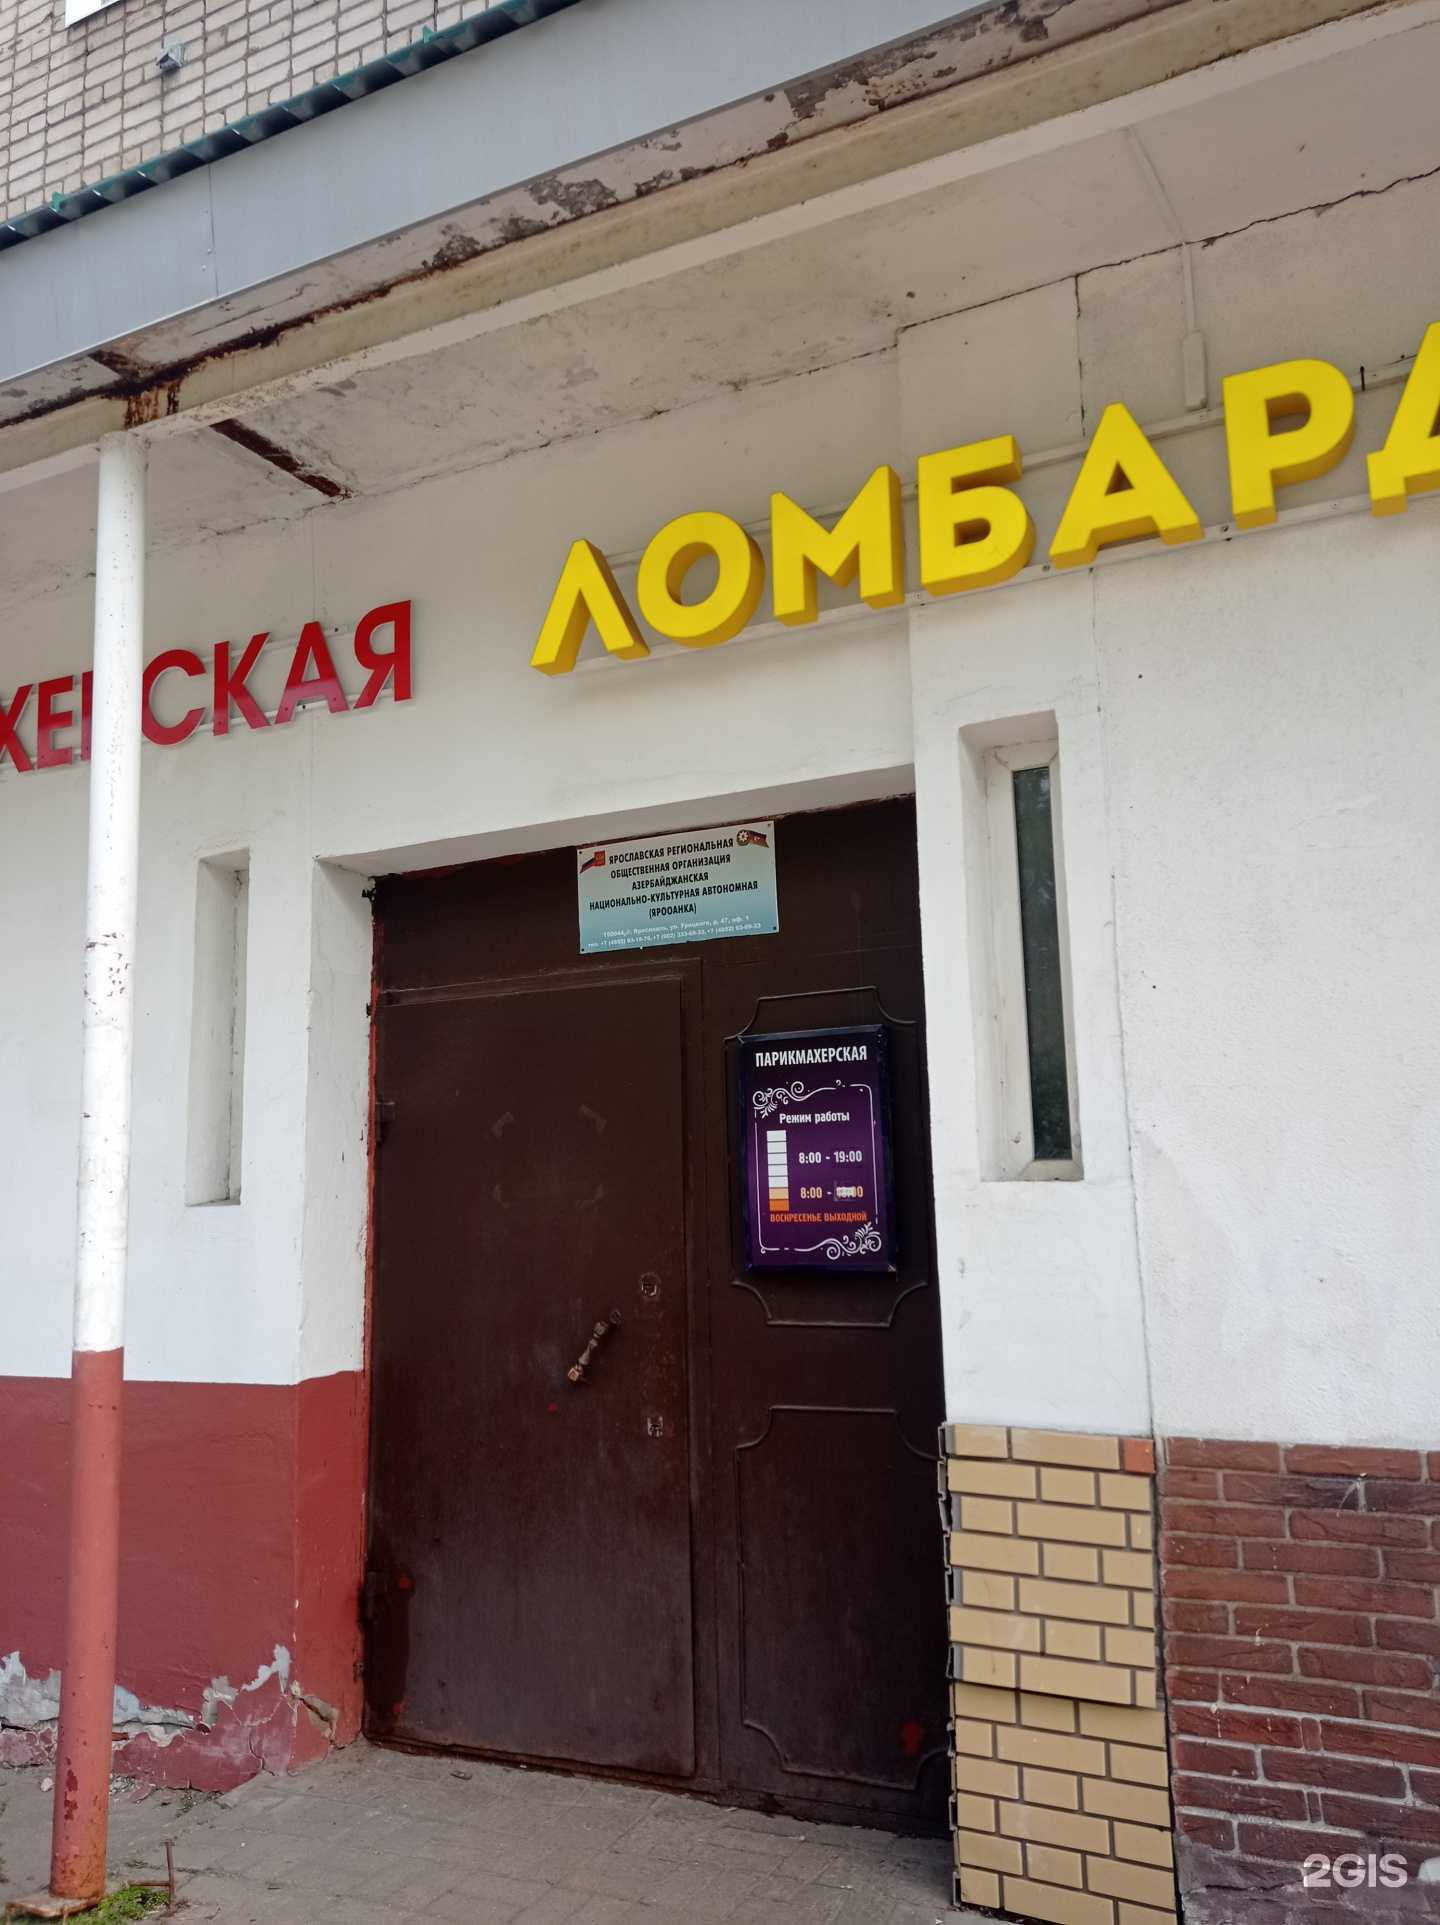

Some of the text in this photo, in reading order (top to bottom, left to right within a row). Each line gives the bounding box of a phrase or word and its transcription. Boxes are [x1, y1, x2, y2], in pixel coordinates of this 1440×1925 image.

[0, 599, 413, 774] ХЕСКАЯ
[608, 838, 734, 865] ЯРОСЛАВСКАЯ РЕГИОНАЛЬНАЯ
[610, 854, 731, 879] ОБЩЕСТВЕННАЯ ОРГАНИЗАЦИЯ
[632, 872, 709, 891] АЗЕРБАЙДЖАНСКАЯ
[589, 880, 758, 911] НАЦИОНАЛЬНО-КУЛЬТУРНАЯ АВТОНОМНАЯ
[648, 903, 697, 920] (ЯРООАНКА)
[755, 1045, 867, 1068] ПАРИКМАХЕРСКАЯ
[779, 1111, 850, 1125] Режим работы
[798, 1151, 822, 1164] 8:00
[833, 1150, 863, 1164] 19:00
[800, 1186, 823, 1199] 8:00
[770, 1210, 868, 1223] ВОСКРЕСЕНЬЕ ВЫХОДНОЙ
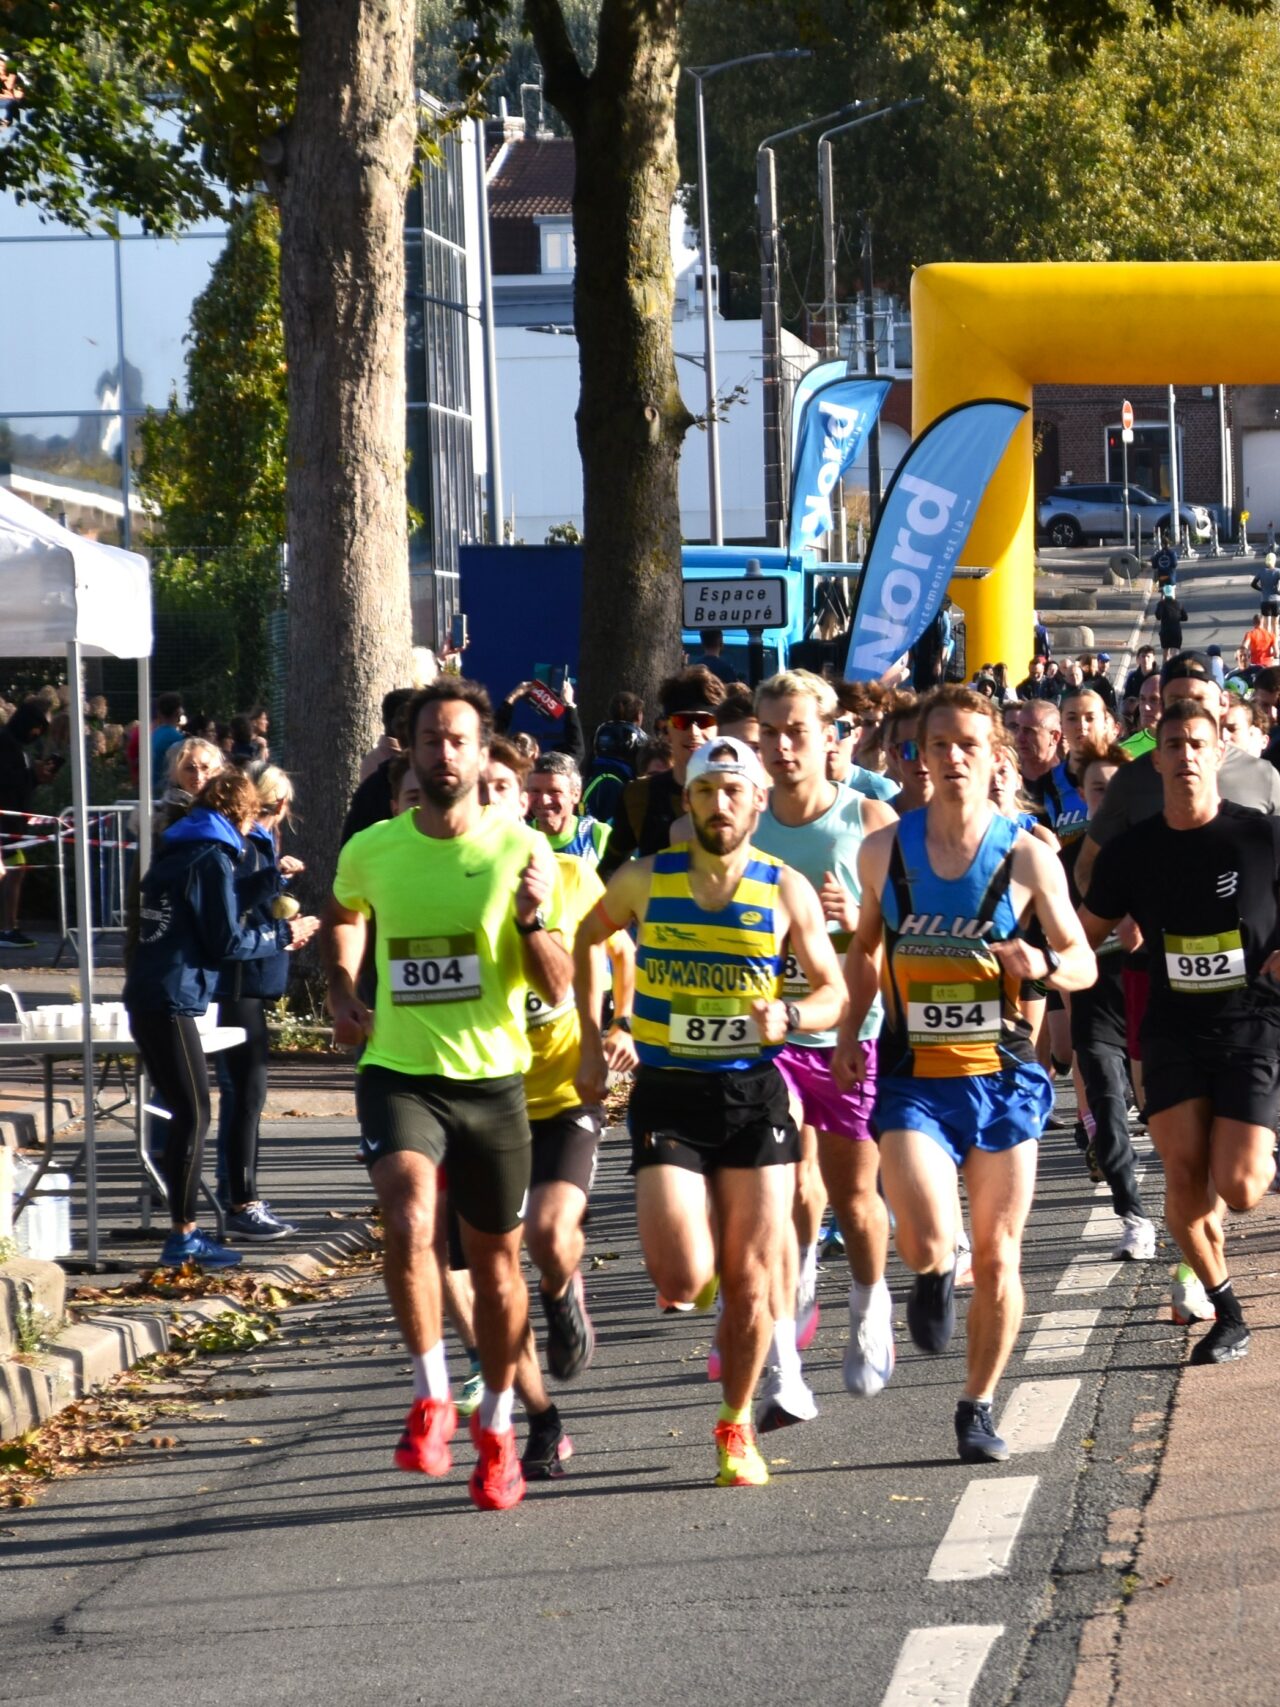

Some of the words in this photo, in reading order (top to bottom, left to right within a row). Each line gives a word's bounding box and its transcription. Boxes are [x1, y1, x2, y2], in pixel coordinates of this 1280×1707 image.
---
**Work required**
Nothing but the pictures should be left out when the records are retyped exactly.

**Answer to this exercise**
Some of the text in this photo, in reading order (top to bottom, left to right within a row). Each line gives the bounding box of a phrase or word and its transcription. Boxes are [x1, y1, x2, y2], in pixel coordinates of this 1440×1925 image.

[0, 599, 413, 774] ХЕСКАЯ
[608, 838, 734, 865] ЯРОСЛАВСКАЯ РЕГИОНАЛЬНАЯ
[610, 854, 731, 879] ОБЩЕСТВЕННАЯ ОРГАНИЗАЦИЯ
[632, 872, 709, 891] АЗЕРБАЙДЖАНСКАЯ
[589, 880, 758, 911] НАЦИОНАЛЬНО-КУЛЬТУРНАЯ АВТОНОМНАЯ
[648, 903, 697, 920] (ЯРООАНКА)
[755, 1045, 867, 1068] ПАРИКМАХЕРСКАЯ
[779, 1111, 850, 1125] Режим работы
[798, 1151, 822, 1164] 8:00
[833, 1150, 863, 1164] 19:00
[800, 1186, 823, 1199] 8:00
[770, 1210, 868, 1223] ВОСКРЕСЕНЬЕ ВЫХОДНОЙ

Some of the words in this photo, in reading order (top to bottom, left to right within a row). Each line gives a word's bounding box and its transcription. Boxes are [x1, y1, x2, y2], in pixel coordinates of this 1280×1707 image.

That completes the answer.